Sunday 20 February 2011

Debian 6.0 "Squeeze" on EEEPC 900

The new Linux Debian, 6.0 “Squeeze”, version has been recently released. Less than a day after the official release date the live version has been also made available. I decided to try it on my EEEPC 900 not to evaluate a possible definitive installation but because Debian is the base on which are built Ubuntu and many important distributions so it is interesting to see how the “pure” Debian behave and perform on my system.

Download and installation

I downloaded the disk image from Debian download page, many download options are possible, among the others the one I prefer, Bittorrent, is available . I then tried first to prepare the bootable SD card, as usual, with the boot disk preparation utility provided with Ubuntu but, for same reason, the tool didn't work with the downloaded Debian disk image. I so went for the command line way and, following Debian's site instructions, I copied the image to the SD card with the following commands.
sudo chmod 777 /dev/sdc
cat debian-live-6.0.0-i386-gnome-desktop.img > /dev/sdc
after a while I have been able to boot from the SD card to Debian (unfortunately this method made my SD card look like it was only 1GB).

First impressions

If you're looking for fancy and shining graphics then you shouldn't looking at Debian.

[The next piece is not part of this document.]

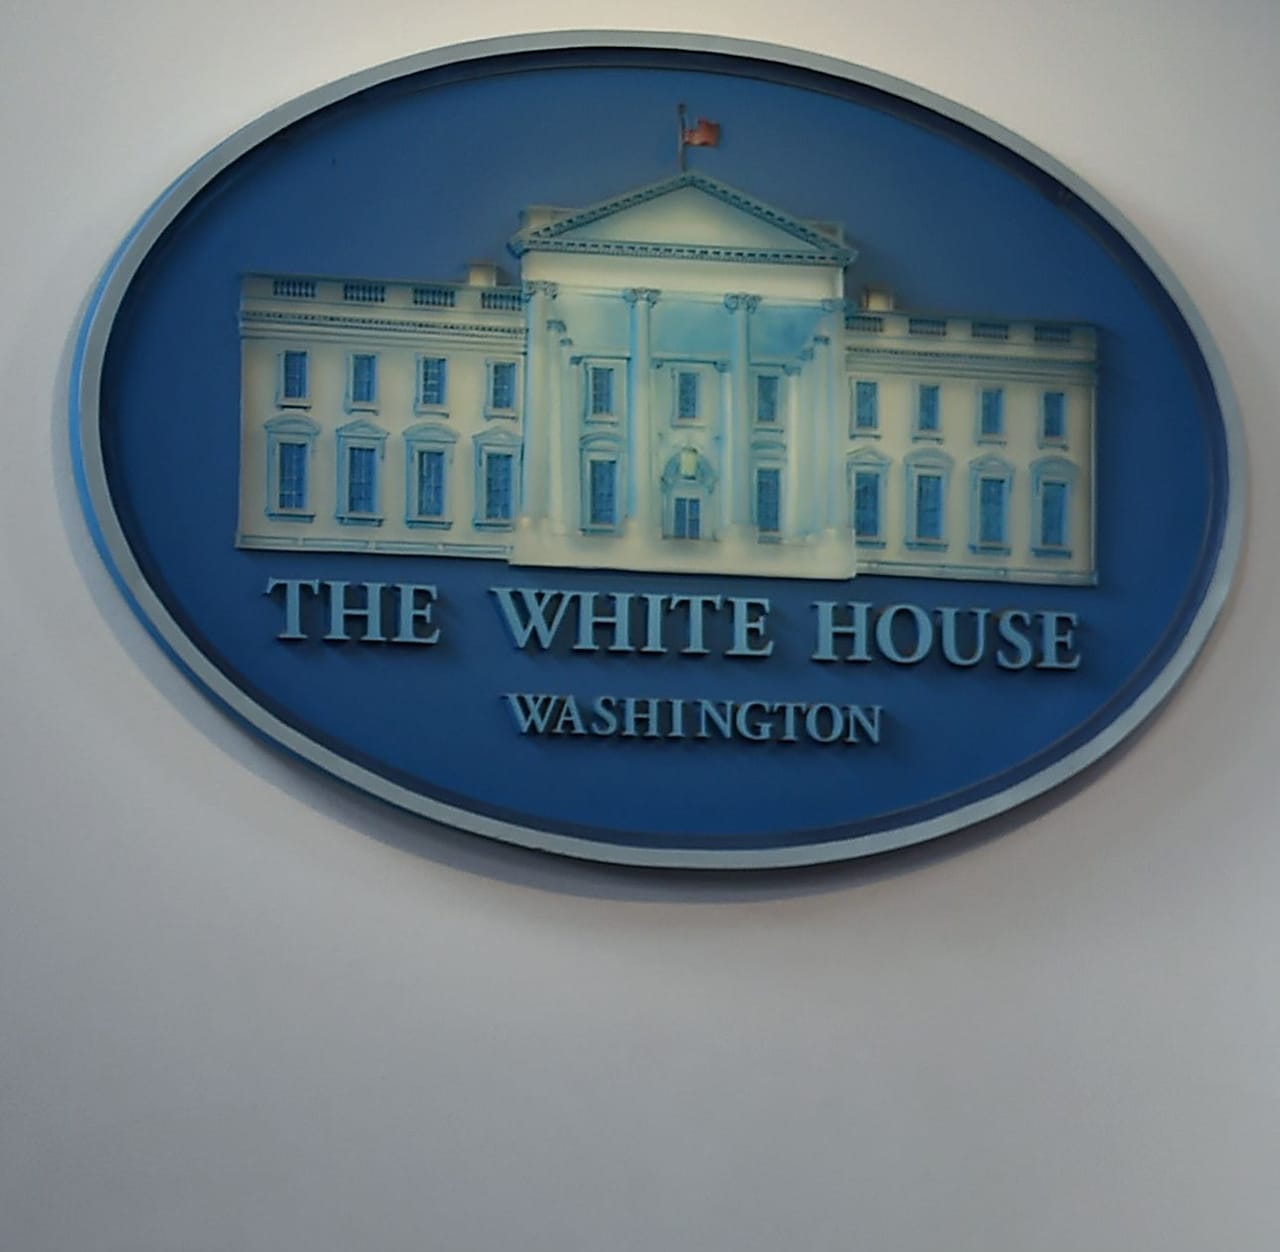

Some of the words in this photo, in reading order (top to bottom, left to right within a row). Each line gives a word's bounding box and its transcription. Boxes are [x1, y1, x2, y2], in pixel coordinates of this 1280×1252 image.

The system boots in a little more than a minute, quite good for the EEEPC SD card, and here is how it looks like.
Screenshot-Debian-6.0
I verified that all EEEPC hardware works, all but the wireless network unfortunately. Anyway there seem to be on the Internet some solution here and there. I didn't test them since I'm not going to definitively install Debian on my EEEPC.

Conclusions

There is not much more to say about … that's Debian most of innovation is not visible to most of us. All you have, under your eyes, once you installed it's a clean, honest and robust Linux system. After all isn't that what we should expect from an operating system?